Après un début entaché d'une grossière erreur qui fait craindre le pire pour la suite (comment Cyrus, mort en -530, aurait-il pu détruire en -480 l'Érechthéion bâti vers -400 ?), le roman se révèle historiquement sérieux. D'un point de vue littéraire et narratif, le choix d'un style direct constitué de phrases courtes, couplé à un découpage en scènes rapides dépassant rarement une page, peut d'abord laisser dubitatif. Pourtant cela fonctionne, d'autant que l'écriture est soignée, ce qui est loin de couler de source dans ce genre de roman historique grand public. Sur 250 pages, on ne s'attendra pas à ce que les situations soient approfondies, mais au moins a-t-on un bon survol de ce que furent les dernières années d'Alexandre, vues à travers le regard de son épouse "barbare".

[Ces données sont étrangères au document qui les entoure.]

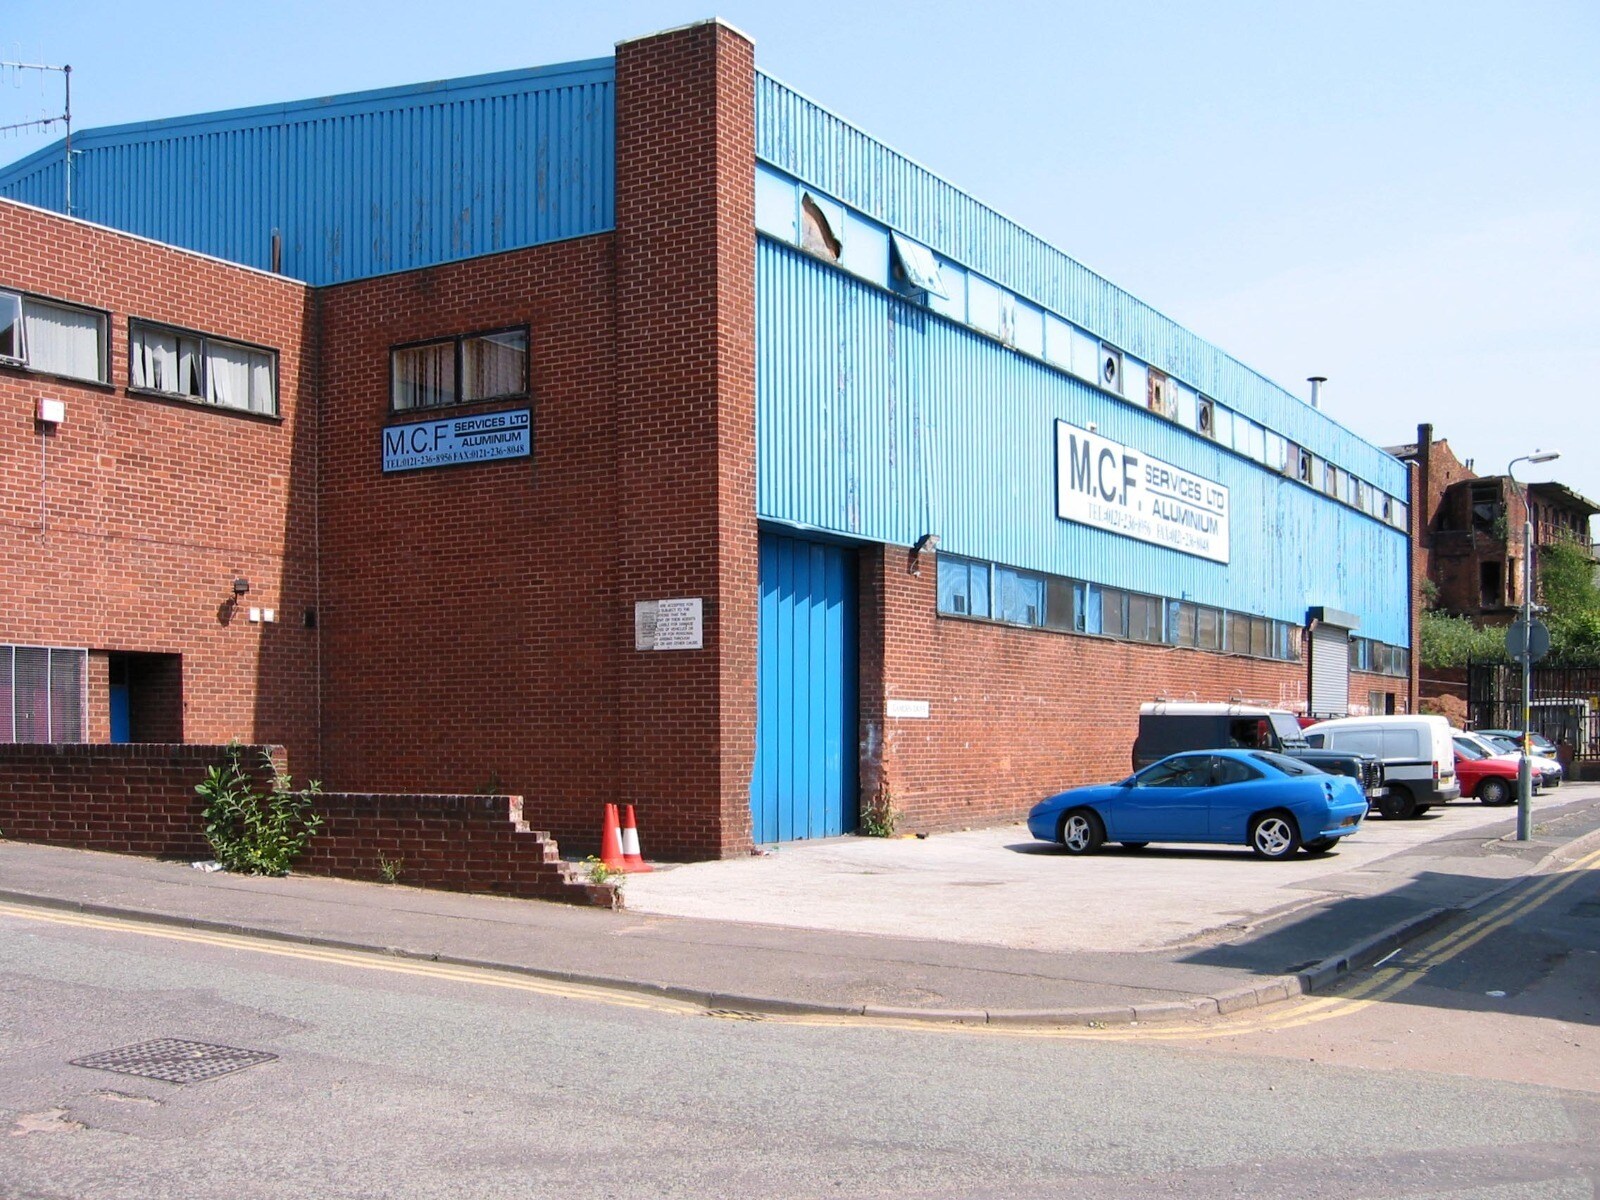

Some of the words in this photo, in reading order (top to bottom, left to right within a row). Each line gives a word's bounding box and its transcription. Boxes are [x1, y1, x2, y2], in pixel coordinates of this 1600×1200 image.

[385, 424, 453, 456] M.C.F.
[454, 416, 506, 432] SERVICES
[509, 414, 529, 424] LTD
[461, 431, 522, 447] ALUMINIUM
[1069, 433, 1142, 511] M.C.F.
[1145, 464, 1202, 501] SERVICES
[1206, 487, 1224, 510] LTD
[1152, 498, 1219, 536] ALUMINIUM
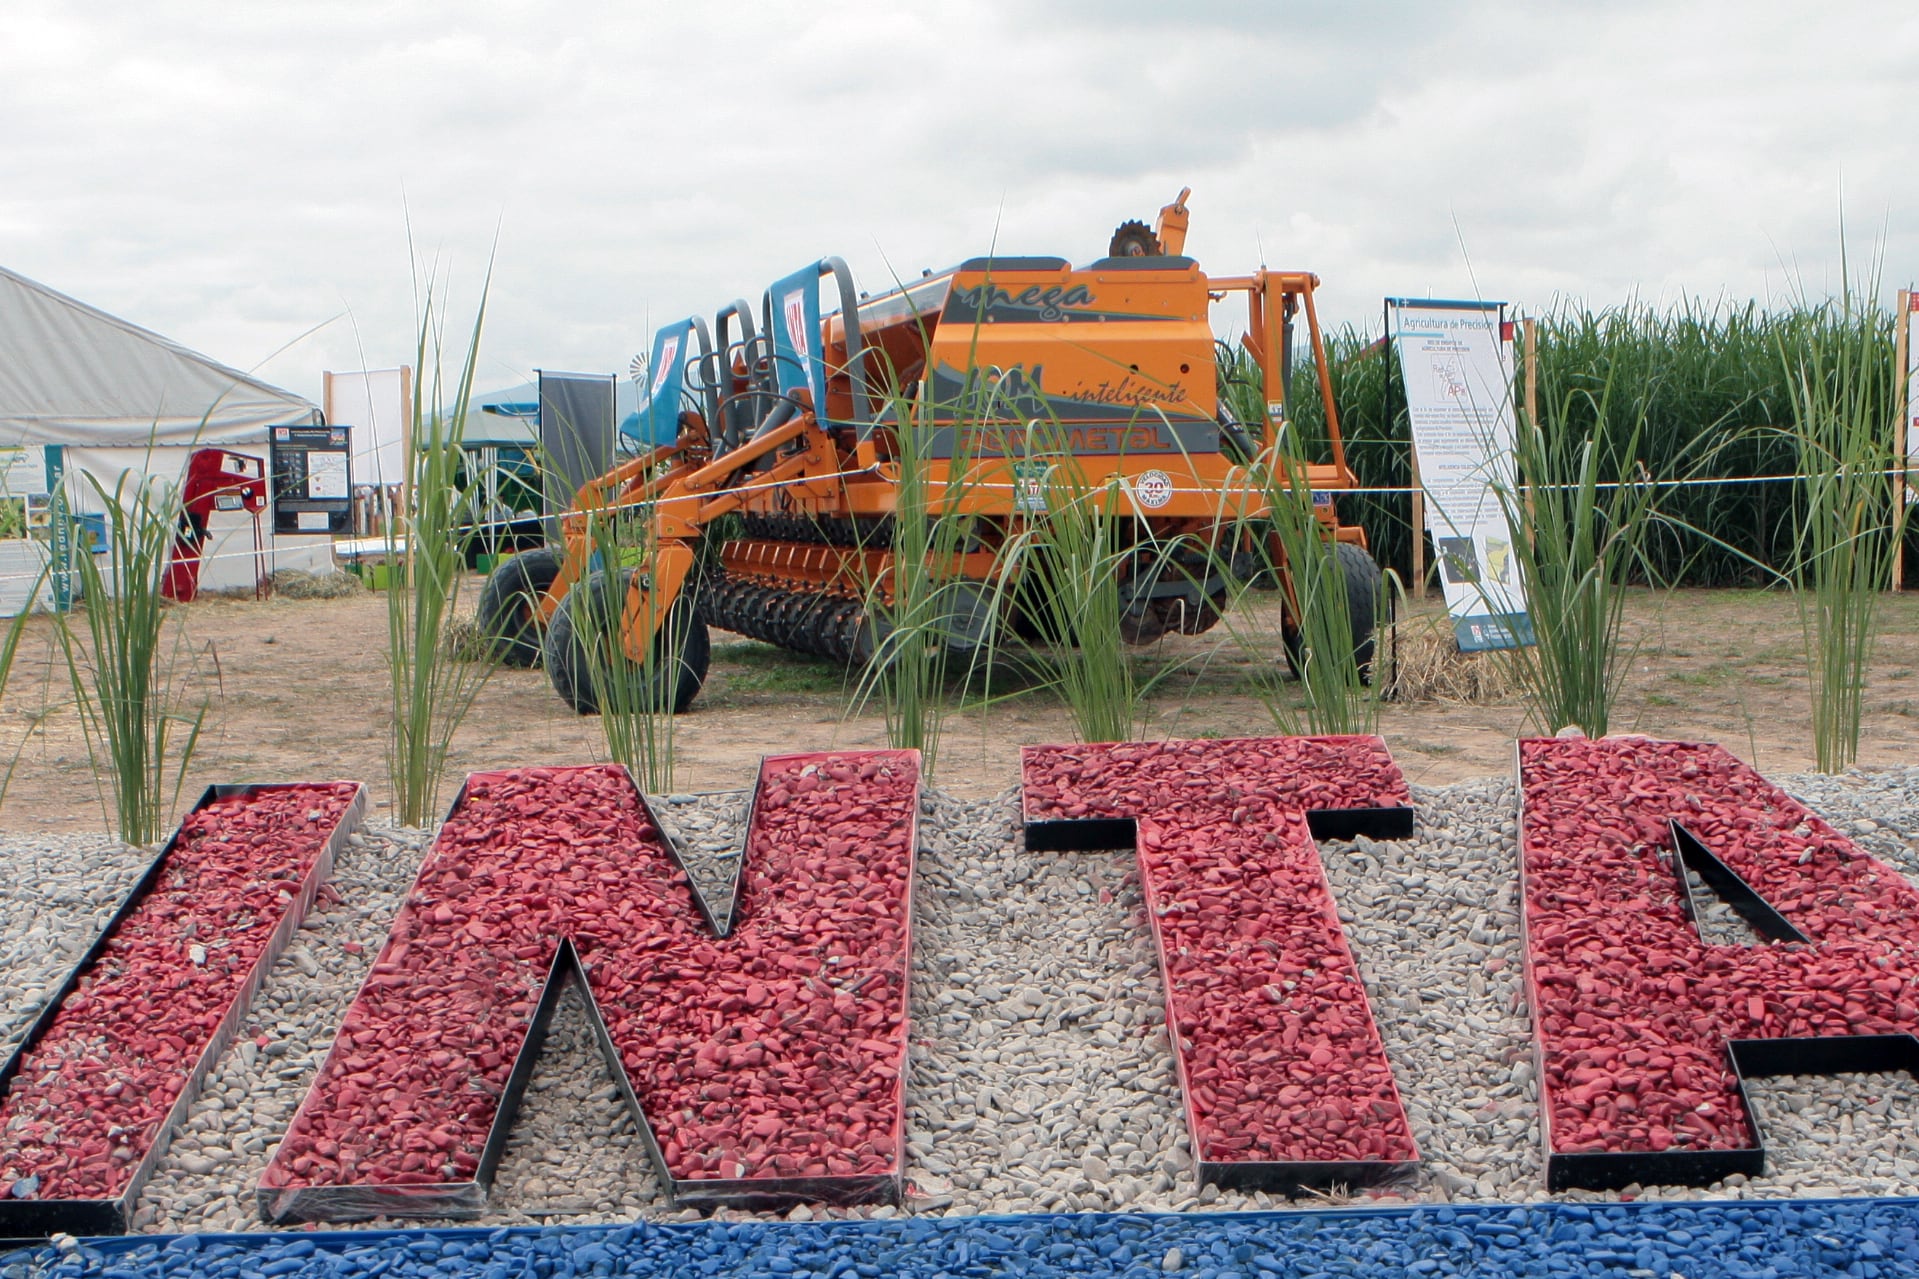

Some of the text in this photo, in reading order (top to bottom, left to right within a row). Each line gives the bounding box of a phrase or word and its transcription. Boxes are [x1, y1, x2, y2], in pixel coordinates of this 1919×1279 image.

[961, 283, 1096, 322] mega
[785, 300, 808, 355] INTA
[1404, 316, 1494, 331] Agricultura de Precisión
[1071, 376, 1187, 409] inteligente
[1138, 470, 1169, 487] VELOCIDAD
[1144, 481, 1165, 494] 30
[0, 732, 1919, 1243] INTA

Ainsi que le rappelle l'auteur en introduction, on en sait très peu sur Roxane, sa biographie tenant en quelques lignes. On peut regretter que Joséphine Dedet n'aie pas profité de ces zones d'ombre, qu'elle n'aie pas osé inventer davantage, de manière à offrir à son héroïne d'autres perspectives que celle de simple spectatrice. Sa relation pour le moins ambiguë avec Héphestion, si elle ne m'a pas spécialement convaincu, va dans le sens de ce qu'aurait pu être une Roxane un peu moins sagement cantonnée au rôle attendu. Mais si ce personnage est intéressant, c'est avant tout parce qu'il symbolise la plus grande réussite d'Alexandre : l'épopée guerrière a eu pour principal mérite de faire se rencontrer des civilisations que tout semblait opposer. En épousant le maître de la Grèce, Roxane l'orientale s'hellénise, tandis que les Grecs, au contact des Perses qu'ils sont venus soumettre, changent leur manière d'être. Cet aspect est plutôt bien rendu dans le roman, même s'il aurait sans doute gagné à être davantage exploité.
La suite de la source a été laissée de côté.